-- Problem --
Give back the full set of entries exactly, keeping each line intact.
*** Opening of The data ***
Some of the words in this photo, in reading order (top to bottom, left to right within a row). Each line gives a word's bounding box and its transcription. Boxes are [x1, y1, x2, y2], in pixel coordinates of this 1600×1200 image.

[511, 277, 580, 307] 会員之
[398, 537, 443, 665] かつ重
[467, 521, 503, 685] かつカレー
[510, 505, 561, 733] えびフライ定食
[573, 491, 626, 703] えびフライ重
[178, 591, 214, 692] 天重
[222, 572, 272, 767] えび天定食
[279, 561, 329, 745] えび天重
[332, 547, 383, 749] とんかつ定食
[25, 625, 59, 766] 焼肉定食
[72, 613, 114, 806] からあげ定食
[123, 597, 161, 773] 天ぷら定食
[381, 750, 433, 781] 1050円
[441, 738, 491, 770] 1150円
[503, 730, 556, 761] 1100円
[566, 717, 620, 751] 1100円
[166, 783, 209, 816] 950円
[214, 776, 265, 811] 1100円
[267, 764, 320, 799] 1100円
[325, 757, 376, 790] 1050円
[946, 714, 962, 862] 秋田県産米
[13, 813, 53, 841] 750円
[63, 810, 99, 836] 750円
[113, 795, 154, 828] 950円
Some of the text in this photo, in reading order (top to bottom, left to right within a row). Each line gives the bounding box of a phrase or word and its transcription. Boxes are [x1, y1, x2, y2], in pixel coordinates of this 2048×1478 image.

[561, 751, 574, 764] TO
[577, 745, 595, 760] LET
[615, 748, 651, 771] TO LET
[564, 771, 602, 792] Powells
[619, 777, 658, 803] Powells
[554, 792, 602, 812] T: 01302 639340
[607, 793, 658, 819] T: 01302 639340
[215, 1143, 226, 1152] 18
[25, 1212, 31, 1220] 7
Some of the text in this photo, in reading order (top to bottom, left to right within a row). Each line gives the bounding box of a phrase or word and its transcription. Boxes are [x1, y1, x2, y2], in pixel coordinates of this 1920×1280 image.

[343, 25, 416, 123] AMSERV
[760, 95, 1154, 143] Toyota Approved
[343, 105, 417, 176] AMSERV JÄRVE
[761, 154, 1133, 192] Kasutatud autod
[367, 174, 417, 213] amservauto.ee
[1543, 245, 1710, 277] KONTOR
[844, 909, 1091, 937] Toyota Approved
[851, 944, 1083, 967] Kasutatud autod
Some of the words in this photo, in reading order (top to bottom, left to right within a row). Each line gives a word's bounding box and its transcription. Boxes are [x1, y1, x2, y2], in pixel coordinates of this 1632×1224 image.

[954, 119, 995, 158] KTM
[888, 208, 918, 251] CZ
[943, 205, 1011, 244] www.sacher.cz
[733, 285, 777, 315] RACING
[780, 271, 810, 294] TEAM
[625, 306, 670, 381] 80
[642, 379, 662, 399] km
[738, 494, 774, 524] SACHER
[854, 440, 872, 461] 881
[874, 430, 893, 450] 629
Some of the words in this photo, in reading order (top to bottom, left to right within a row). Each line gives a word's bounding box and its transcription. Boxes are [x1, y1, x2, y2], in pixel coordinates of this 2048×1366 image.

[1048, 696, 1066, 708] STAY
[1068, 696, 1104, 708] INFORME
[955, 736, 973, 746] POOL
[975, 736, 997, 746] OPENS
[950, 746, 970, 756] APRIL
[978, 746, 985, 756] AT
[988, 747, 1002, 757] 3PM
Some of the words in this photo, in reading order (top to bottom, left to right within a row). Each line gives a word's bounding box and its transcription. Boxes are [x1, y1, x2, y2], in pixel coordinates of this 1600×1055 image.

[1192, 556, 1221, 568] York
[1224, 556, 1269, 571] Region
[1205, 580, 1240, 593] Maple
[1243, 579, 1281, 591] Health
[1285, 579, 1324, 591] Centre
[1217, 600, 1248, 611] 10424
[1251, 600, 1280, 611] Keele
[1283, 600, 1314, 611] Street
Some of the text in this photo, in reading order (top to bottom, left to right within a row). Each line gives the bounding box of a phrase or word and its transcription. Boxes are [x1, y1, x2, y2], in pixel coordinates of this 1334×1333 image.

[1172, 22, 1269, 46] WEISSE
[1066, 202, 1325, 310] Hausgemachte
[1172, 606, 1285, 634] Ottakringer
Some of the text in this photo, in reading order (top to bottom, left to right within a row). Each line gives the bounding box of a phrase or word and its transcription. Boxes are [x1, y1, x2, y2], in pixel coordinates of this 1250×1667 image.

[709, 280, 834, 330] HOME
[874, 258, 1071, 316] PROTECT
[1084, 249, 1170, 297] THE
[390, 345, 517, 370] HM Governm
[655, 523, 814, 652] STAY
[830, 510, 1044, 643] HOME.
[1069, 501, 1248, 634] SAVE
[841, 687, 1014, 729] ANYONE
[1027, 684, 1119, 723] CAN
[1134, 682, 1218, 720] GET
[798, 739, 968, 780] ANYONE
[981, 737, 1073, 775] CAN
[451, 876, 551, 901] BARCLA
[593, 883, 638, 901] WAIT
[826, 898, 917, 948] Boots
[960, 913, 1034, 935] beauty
*** Close of The data ***
-- Exercise output --
Some of the words in this photo, in reading order (top to bottom, left to right within a row). Each line gives a word's bounding box and its transcription. Boxes are [x1, y1, x2, y2], in pixel coordinates of this 1600×1200 image.

[511, 277, 580, 307] 会員之
[398, 537, 443, 665] かつ重
[467, 521, 503, 685] かつカレー
[510, 505, 561, 733] えびフライ定食
[573, 491, 626, 703] えびフライ重
[178, 591, 214, 692] 天重
[222, 572, 272, 767] えび天定食
[279, 561, 329, 745] えび天重
[332, 547, 383, 749] とんかつ定食
[25, 625, 59, 766] 焼肉定食
[72, 613, 114, 806] からあげ定食
[123, 597, 161, 773] 天ぷら定食
[381, 750, 433, 781] 1050円
[441, 738, 491, 770] 1150円
[503, 730, 556, 761] 1100円
[566, 717, 620, 751] 1100円
[166, 783, 209, 816] 950円
[214, 776, 265, 811] 1100円
[267, 764, 320, 799] 1100円
[325, 757, 376, 790] 1050円
[946, 714, 962, 862] 秋田県産米
[13, 813, 53, 841] 750円
[63, 810, 99, 836] 750円
[113, 795, 154, 828] 950円
Some of the text in this photo, in reading order (top to bottom, left to right within a row). Each line gives the bounding box of a phrase or word and its transcription. Boxes are [x1, y1, x2, y2], in pixel coordinates of this 2048×1478 image.

[561, 751, 574, 764] TO
[577, 745, 595, 760] LET
[615, 748, 651, 771] TO LET
[564, 771, 602, 792] Powells
[619, 777, 658, 803] Powells
[554, 792, 602, 812] T: 01302 639340
[607, 793, 658, 819] T: 01302 639340
[215, 1143, 226, 1152] 18
[25, 1212, 31, 1220] 7
Some of the text in this photo, in reading order (top to bottom, left to right within a row). Each line gives the bounding box of a phrase or word and its transcription. Boxes are [x1, y1, x2, y2], in pixel coordinates of this 1920×1280 image.

[343, 25, 416, 123] AMSERV
[760, 95, 1154, 143] Toyota Approved
[343, 105, 417, 176] AMSERV JÄRVE
[761, 154, 1133, 192] Kasutatud autod
[367, 174, 417, 213] amservauto.ee
[1543, 245, 1710, 277] KONTOR
[844, 909, 1091, 937] Toyota Approved
[851, 944, 1083, 967] Kasutatud autod
Some of the words in this photo, in reading order (top to bottom, left to right within a row). Each line gives a word's bounding box and its transcription. Boxes are [x1, y1, x2, y2], in pixel coordinates of this 1632×1224 image.

[954, 119, 995, 158] KTM
[888, 208, 918, 251] CZ
[943, 205, 1011, 244] www.sacher.cz
[733, 285, 777, 315] RACING
[780, 271, 810, 294] TEAM
[625, 306, 670, 381] 80
[642, 379, 662, 399] km
[738, 494, 774, 524] SACHER
[854, 440, 872, 461] 881
[874, 430, 893, 450] 629
Some of the words in this photo, in reading order (top to bottom, left to right within a row). Each line gives a word's bounding box and its transcription. Boxes are [x1, y1, x2, y2], in pixel coordinates of this 2048×1366 image.

[1048, 696, 1066, 708] STAY
[1068, 696, 1104, 708] INFORME
[955, 736, 973, 746] POOL
[975, 736, 997, 746] OPENS
[950, 746, 970, 756] APRIL
[978, 746, 985, 756] AT
[988, 747, 1002, 757] 3PM
Some of the words in this photo, in reading order (top to bottom, left to right within a row). Each line gives a word's bounding box and its transcription. Boxes are [x1, y1, x2, y2], in pixel coordinates of this 1600×1055 image.

[1192, 556, 1221, 568] York
[1224, 556, 1269, 571] Region
[1205, 580, 1240, 593] Maple
[1243, 579, 1281, 591] Health
[1285, 579, 1324, 591] Centre
[1217, 600, 1248, 611] 10424
[1251, 600, 1280, 611] Keele
[1283, 600, 1314, 611] Street
Some of the text in this photo, in reading order (top to bottom, left to right within a row). Each line gives the bounding box of a phrase or word and its transcription. Boxes are [x1, y1, x2, y2], in pixel coordinates of this 1334×1333 image.

[1172, 22, 1269, 46] WEISSE
[1066, 202, 1325, 310] Hausgemachte
[1172, 606, 1285, 634] Ottakringer
Some of the text in this photo, in reading order (top to bottom, left to right within a row). Each line gives the bounding box of a phrase or word and its transcription. Boxes are [x1, y1, x2, y2], in pixel coordinates of this 1250×1667 image.

[709, 280, 834, 330] HOME
[874, 258, 1071, 316] PROTECT
[1084, 249, 1170, 297] THE
[390, 345, 517, 370] HM Governm
[655, 523, 814, 652] STAY
[830, 510, 1044, 643] HOME.
[1069, 501, 1248, 634] SAVE
[841, 687, 1014, 729] ANYONE
[1027, 684, 1119, 723] CAN
[1134, 682, 1218, 720] GET
[798, 739, 968, 780] ANYONE
[981, 737, 1073, 775] CAN
[451, 876, 551, 901] BARCLA
[593, 883, 638, 901] WAIT
[826, 898, 917, 948] Boots
[960, 913, 1034, 935] beauty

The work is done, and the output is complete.